[Opening Material for this exercise section]

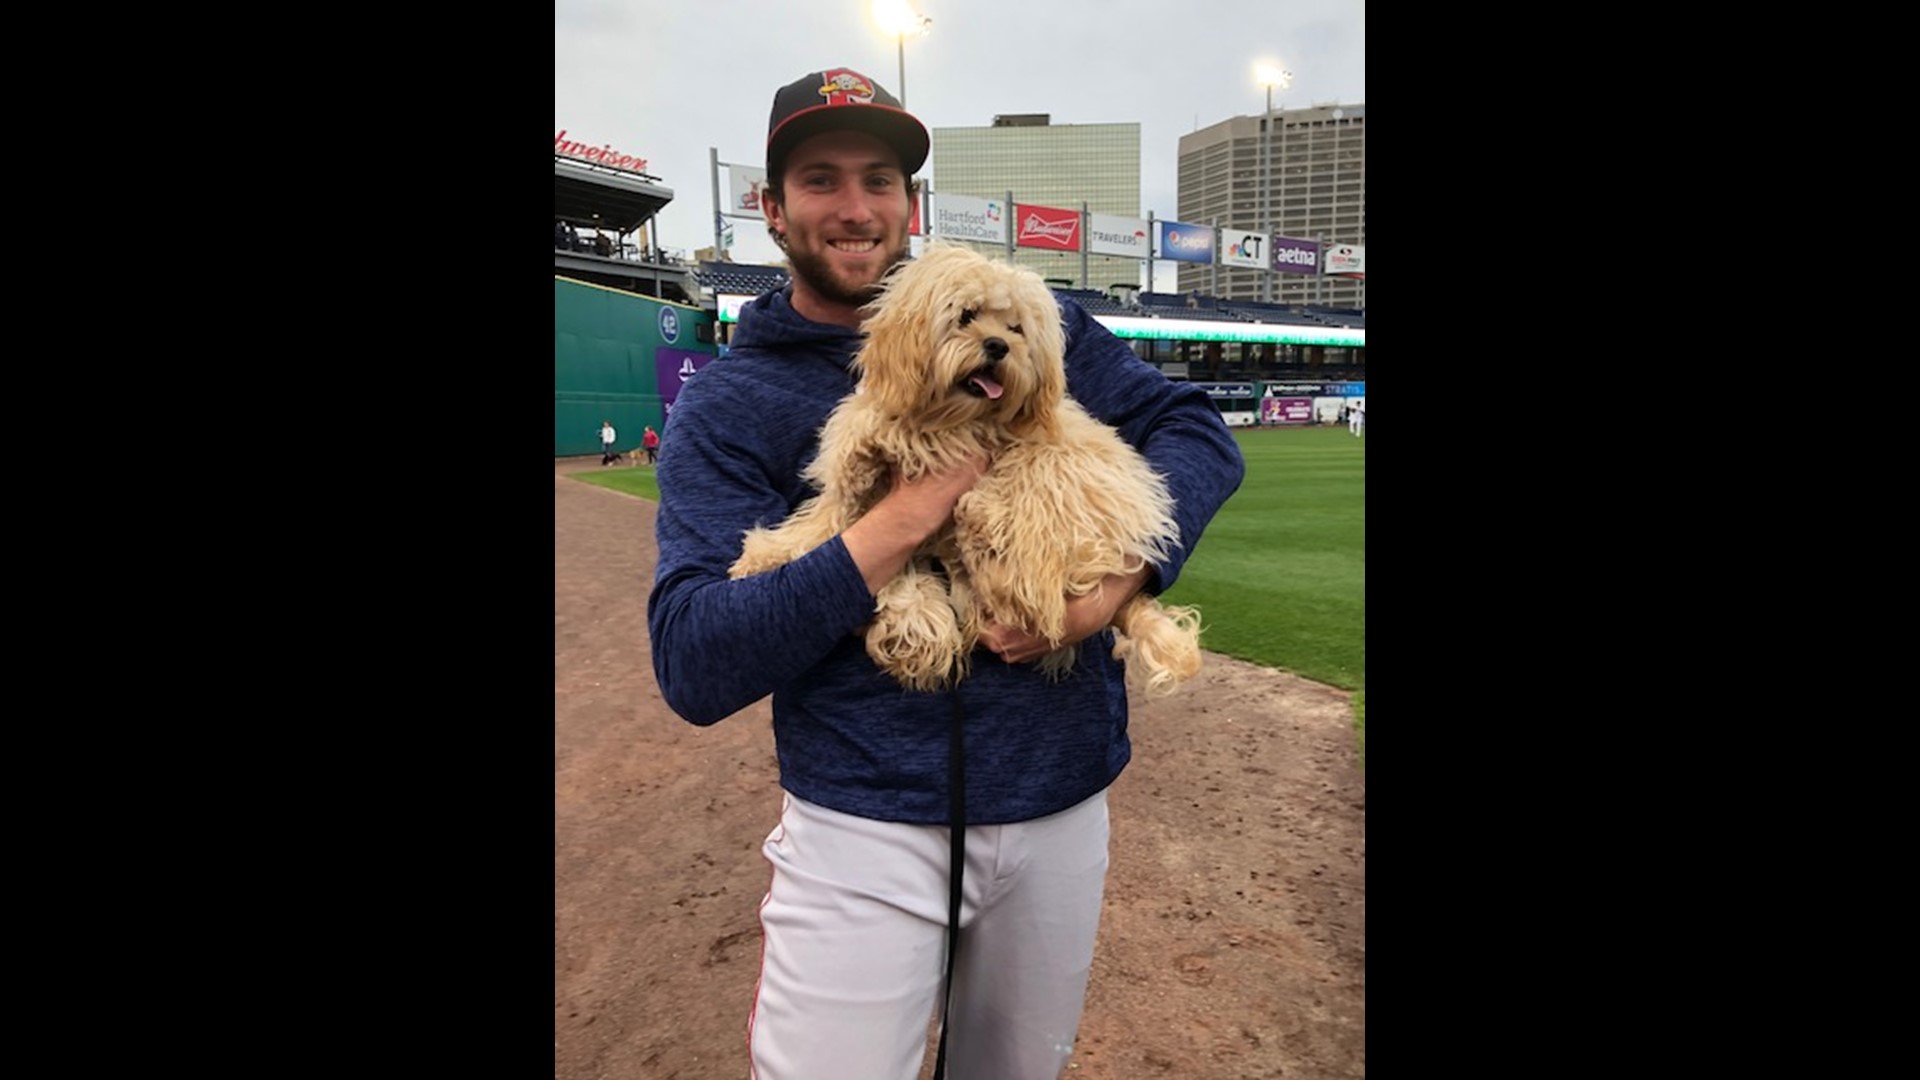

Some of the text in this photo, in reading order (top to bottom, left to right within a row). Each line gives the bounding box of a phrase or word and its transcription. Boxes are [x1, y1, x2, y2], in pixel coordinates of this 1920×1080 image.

[939, 209, 986, 225] Hartford
[939, 222, 998, 239] HealthCare
[1025, 219, 1073, 236] Budweiser
[1093, 231, 1137, 245] TRAVELERS
[1181, 236, 1209, 250] pepsi
[1242, 235, 1262, 259] CT
[1277, 247, 1316, 266] aetna
[663, 315, 676, 334] 42

[Closing Material for this exercise section]

**What this task involves**
Images are to be left out; everything else in the material must be written out exactly.

**Output of the exercise**
Some of the text in this photo, in reading order (top to bottom, left to right within a row). Each line gives the bounding box of a phrase or word and its transcription. Boxes are [x1, y1, x2, y2], in pixel coordinates of this 1920×1080 image.

[939, 209, 986, 225] Hartford
[939, 222, 998, 239] HealthCare
[1025, 219, 1073, 236] Budweiser
[1093, 231, 1137, 245] TRAVELERS
[1181, 236, 1209, 250] pepsi
[1242, 235, 1262, 259] CT
[1277, 247, 1316, 266] aetna
[663, 315, 676, 334] 42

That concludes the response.